On Fri, Feb 7, 2020 at 11:26 AM Niels Basjes <ni...@basjes.nl> wrote:

> Hi,
> My context: Java 8 , Beam 2.19.0
> *TLDR*: How do I create a Beam-SQL UDF that returns a Map<String, String>
> ?
> I have a library ( https://yauaa.basjes.nl ) that people would like to
> use in combination with Beam-SQL.
> The essence of this library is that a String goes in an a Key-Value set
> (Map<String, String>) comes out.
> I've already done this for Flink-SQL and there it was relatively easy:
> Just implement the appropriate function and specify that the return type is
> a Map<String, String>.
> See
> https://github.com/nielsbasjes/yauaa/blob/master/udfs/flink-table/src/main/java/nl/basjes/parse/useragent/flink/table/AnalyzeUseragentFunction.java#L88
> Now for Beam-SQL I've been able to implement a function that returns a
> String but if I try to return a Map<String, String> I get a nasty error.

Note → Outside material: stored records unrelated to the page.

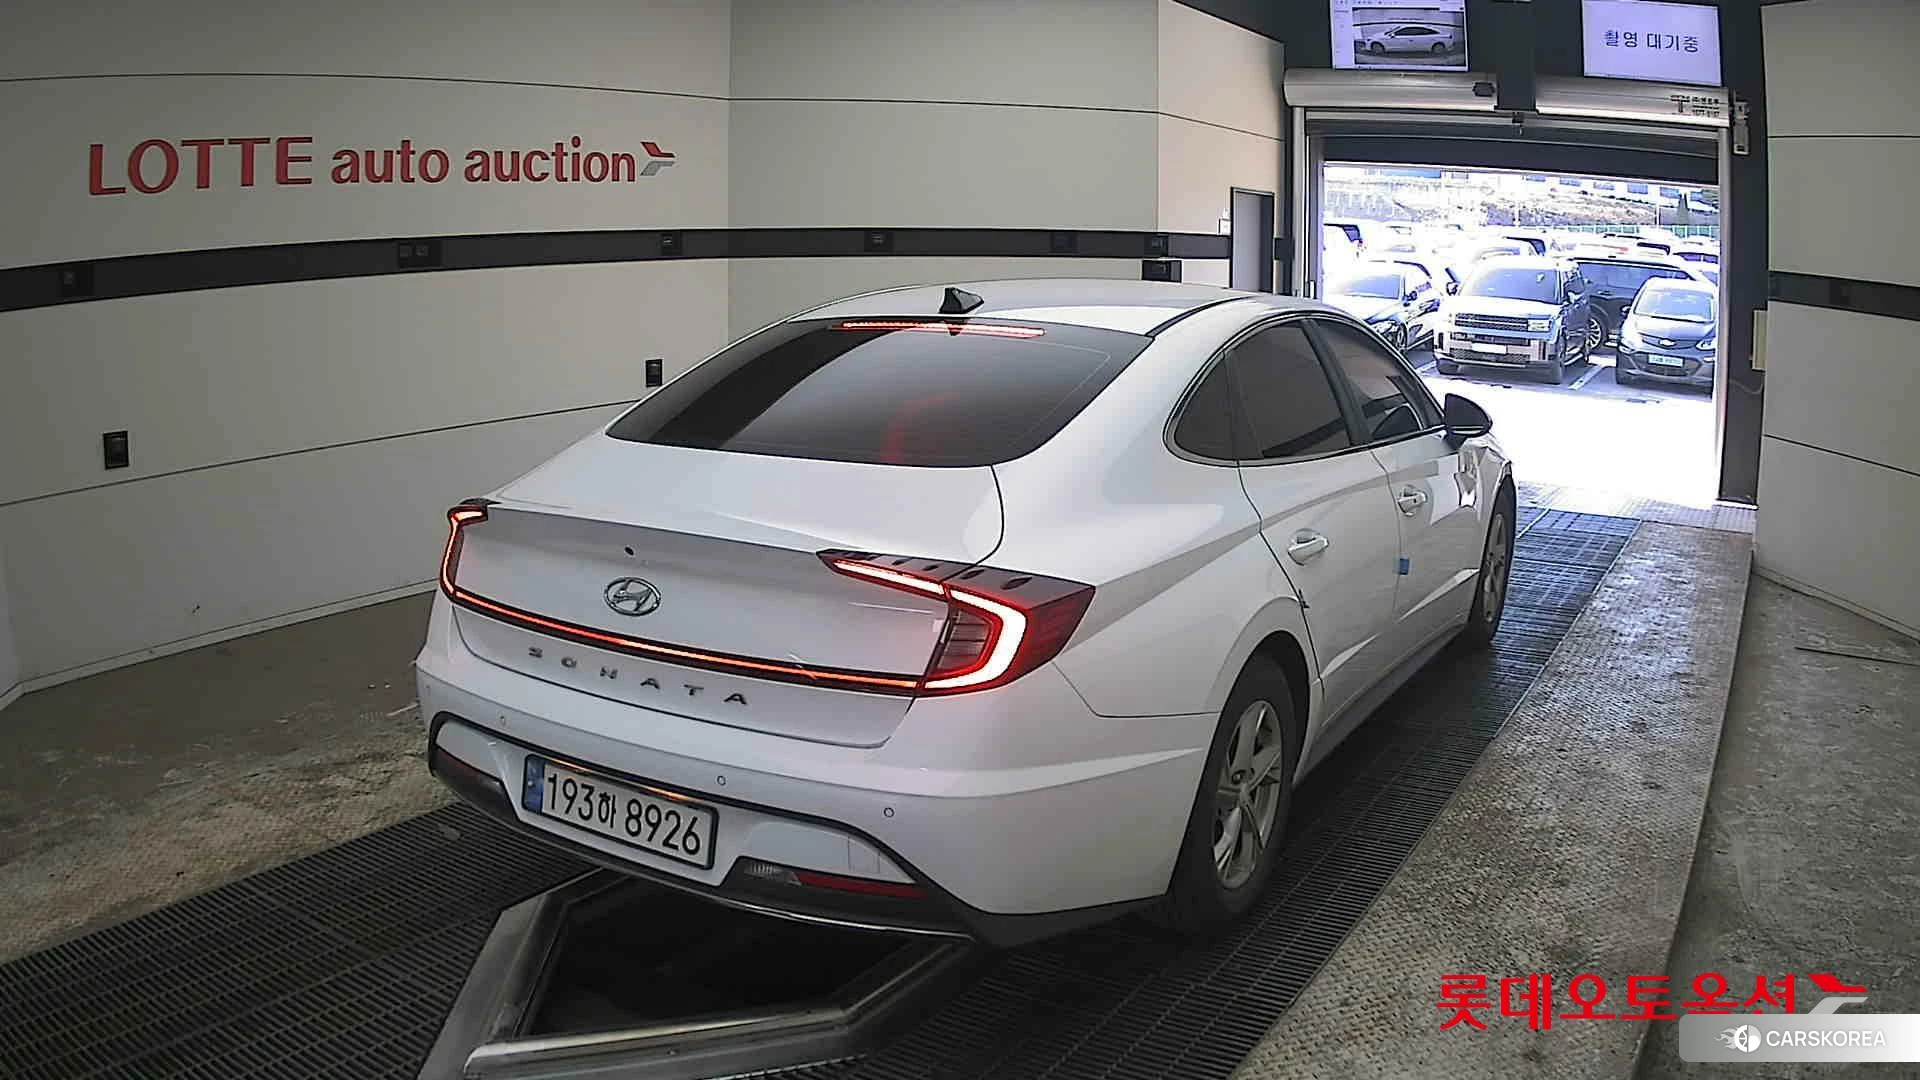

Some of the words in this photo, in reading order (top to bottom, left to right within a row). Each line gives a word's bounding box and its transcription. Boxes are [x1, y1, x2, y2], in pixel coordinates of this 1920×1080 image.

[1604, 30, 1638, 48] 촬영
[1646, 33, 1698, 52] 대기중
[89, 136, 313, 195] LOTTE
[331, 140, 450, 184] auto
[464, 136, 637, 183] auction
[528, 647, 748, 704] SONATA
[547, 773, 617, 829] 193하
[624, 798, 701, 856] 8926

> If I use this smallest function possible in my SQL (Calcite)
> public class FooMap implements SerializableFunction<String, Map<String, 
> String>> {
>     @Override
>     public Map<String, String> apply(String input) {
>         final HashMap<String, String> hashMap = new HashMap<>();
>         hashMap.put("Some", "Thing");
>         return hashMap;
>     }
> }
> I get this error
> java.lang.NullPointerException: Null type
> at
> org.apache.beam.sdk.schemas.AutoValue_Schema_Field$Builder.setType(AutoValue_Schema_Field.java:84)
> at org.apache.beam.sdk.schemas.Schema$Field.of(Schema.java:893)
> at
> org.apache.beam.sdk.extensions.sql.impl.utils.CalciteUtils.toField(CalciteUtils.java:234)
> at
> org.apache.beam.sdk.extensions.sql.impl.utils.CalciteUtils.toField(CalciteUtils.java:230)
> at
> java.util.stream.ReferencePipeline$3$1.accept(ReferencePipeline.java:193)

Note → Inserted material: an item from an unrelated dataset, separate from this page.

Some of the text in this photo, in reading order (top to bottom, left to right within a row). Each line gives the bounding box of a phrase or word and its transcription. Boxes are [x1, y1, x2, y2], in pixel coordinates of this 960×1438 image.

> at java.util.Iterator.forEachRemaining(Iterator.java:116)
> at
> java.util.Spliterators$IteratorSpliterator.forEachRemaining(Spliterators.java:1801)
> at java.util.stream.AbstractPipeline.copyInto(AbstractPipeline.java:482)
> at
> java.util.stream.AbstractPipeline.wrapAndCopyInto(AbstractPipeline.java:472)
> at
> java.util.stream.ReduceOps$ReduceOp.evaluateSequential(ReduceOps.java:708)

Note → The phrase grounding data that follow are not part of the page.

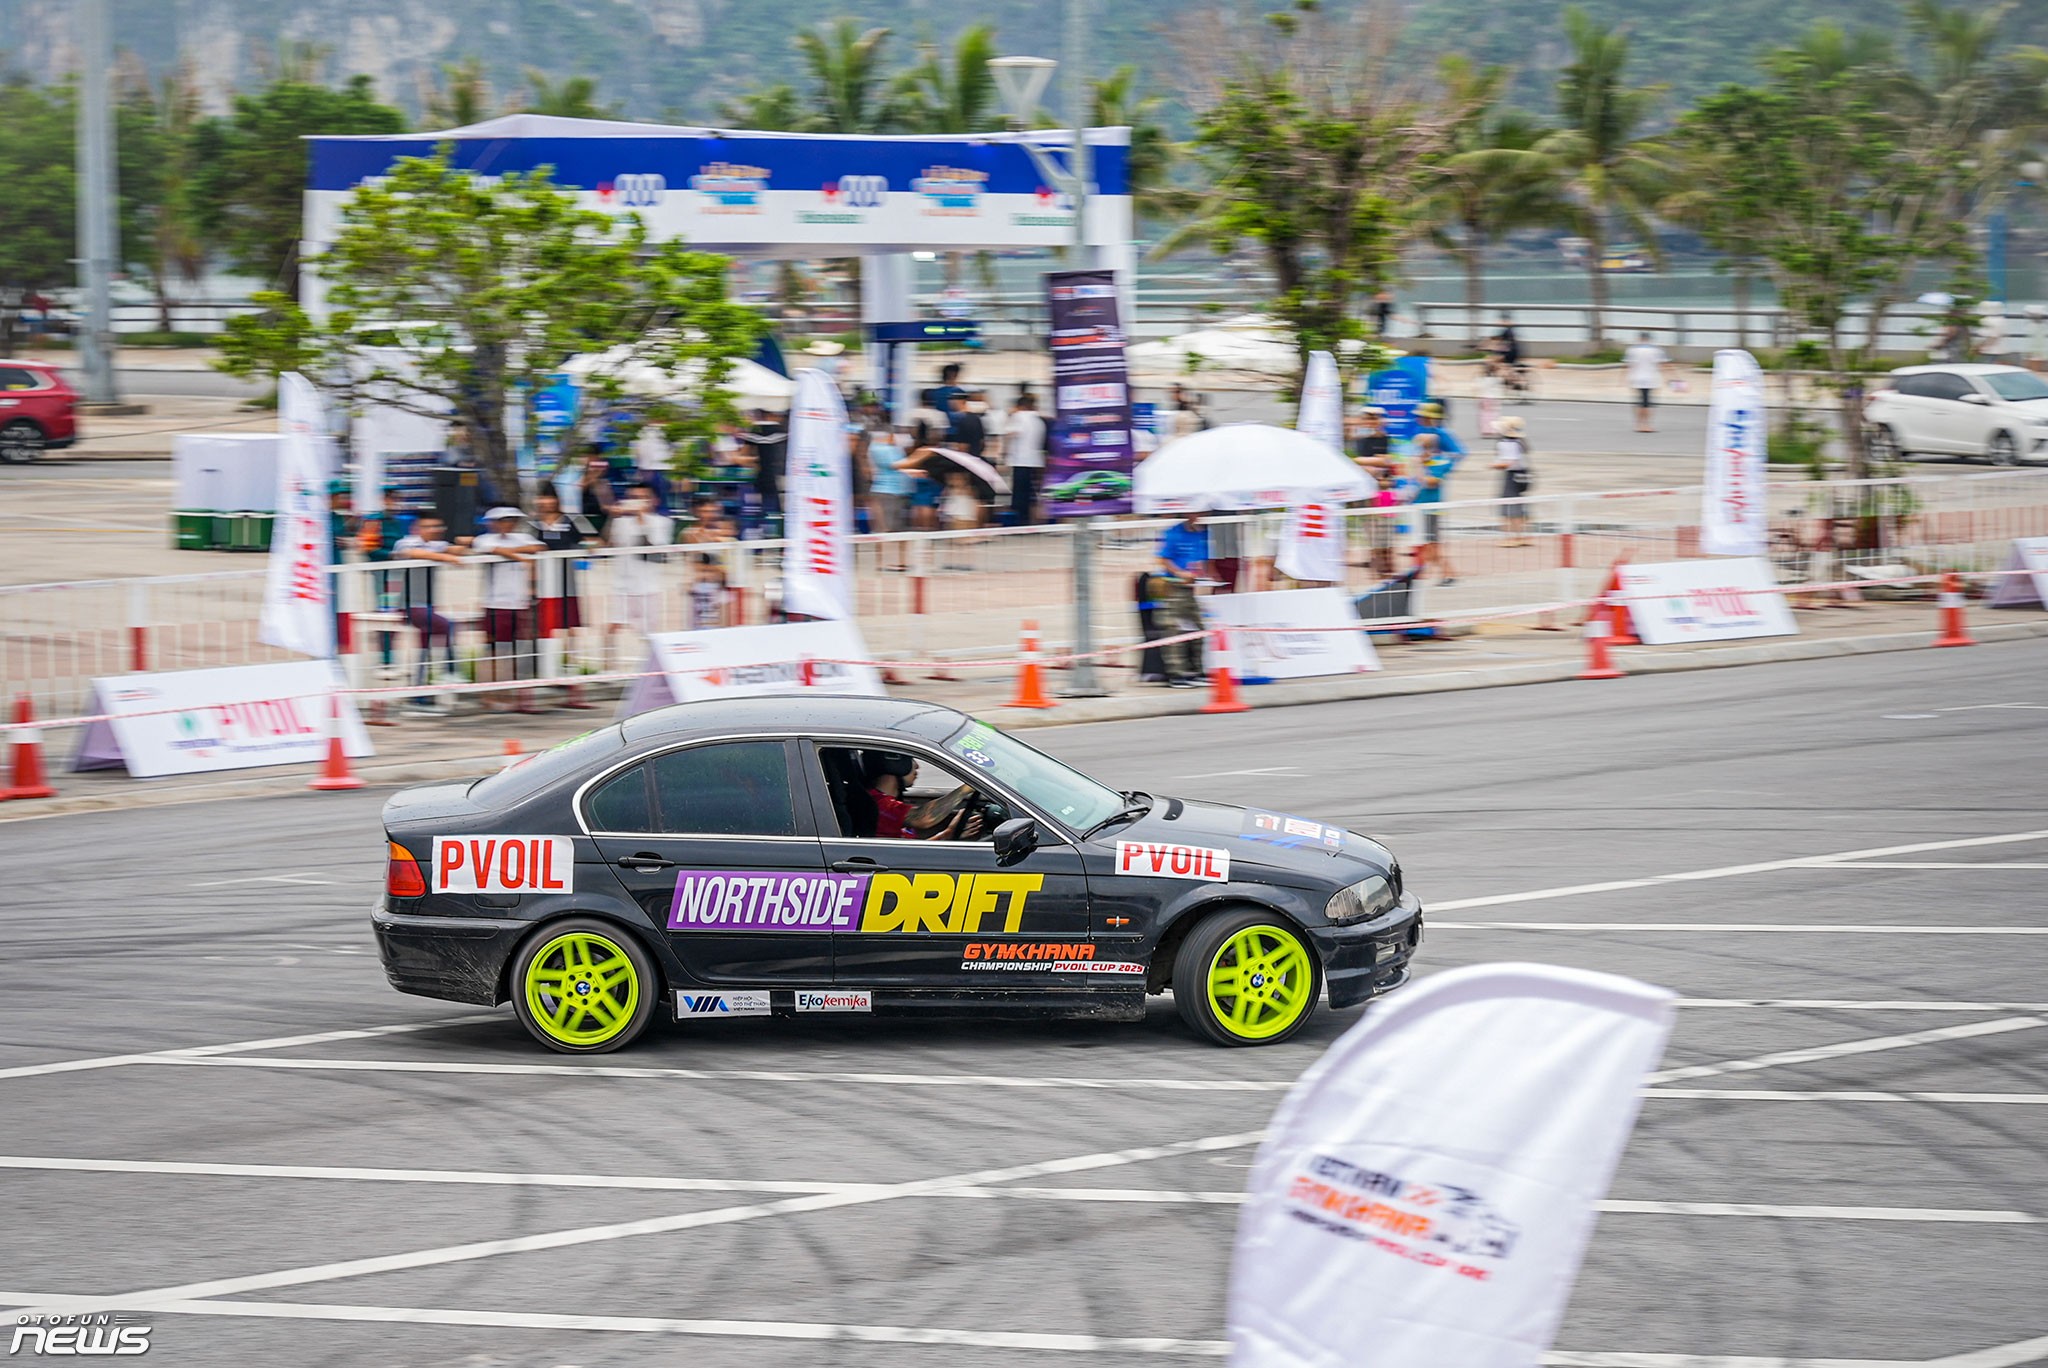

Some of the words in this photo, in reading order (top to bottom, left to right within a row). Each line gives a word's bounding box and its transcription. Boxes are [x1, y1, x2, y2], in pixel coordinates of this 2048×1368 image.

[440, 839, 564, 889] PVOIL
[1122, 843, 1222, 878] PVOIL
[676, 876, 859, 926] NORTHSIDE
[860, 873, 1045, 932] DRIFT
[963, 943, 1096, 960] GYMKHANA
[961, 961, 1052, 971] CHAMPIONSHIP
[1054, 963, 1089, 971] PVOIL
[1091, 963, 1116, 972] CUP
[1118, 964, 1144, 973] 2025
[799, 994, 868, 1009] Ekokemika

> at java.util.stream.AbstractPipeline.evaluate(AbstractPipeline.java:234)
> at java.util.stream.ReferencePipeline.collect(ReferencePipeline.java:566)
> at
> org.apache.beam.sdk.extensions.sql.impl.utils.CalciteUtils.toSchema(CalciteUtils.java:189)
> at
> org.apache.beam.sdk.extensions.sql.impl.rel.BeamCalcRel$Transform.expand(BeamCalcRel.java:129)
> at
> org.apache.beam.sdk.extensions.sql.impl.rel.BeamCalcRel$Transform.expand(BeamCalcRel.java:110)
> at org.apache.beam.sdk.Pipeline.applyInternal(Pipeline.java:539)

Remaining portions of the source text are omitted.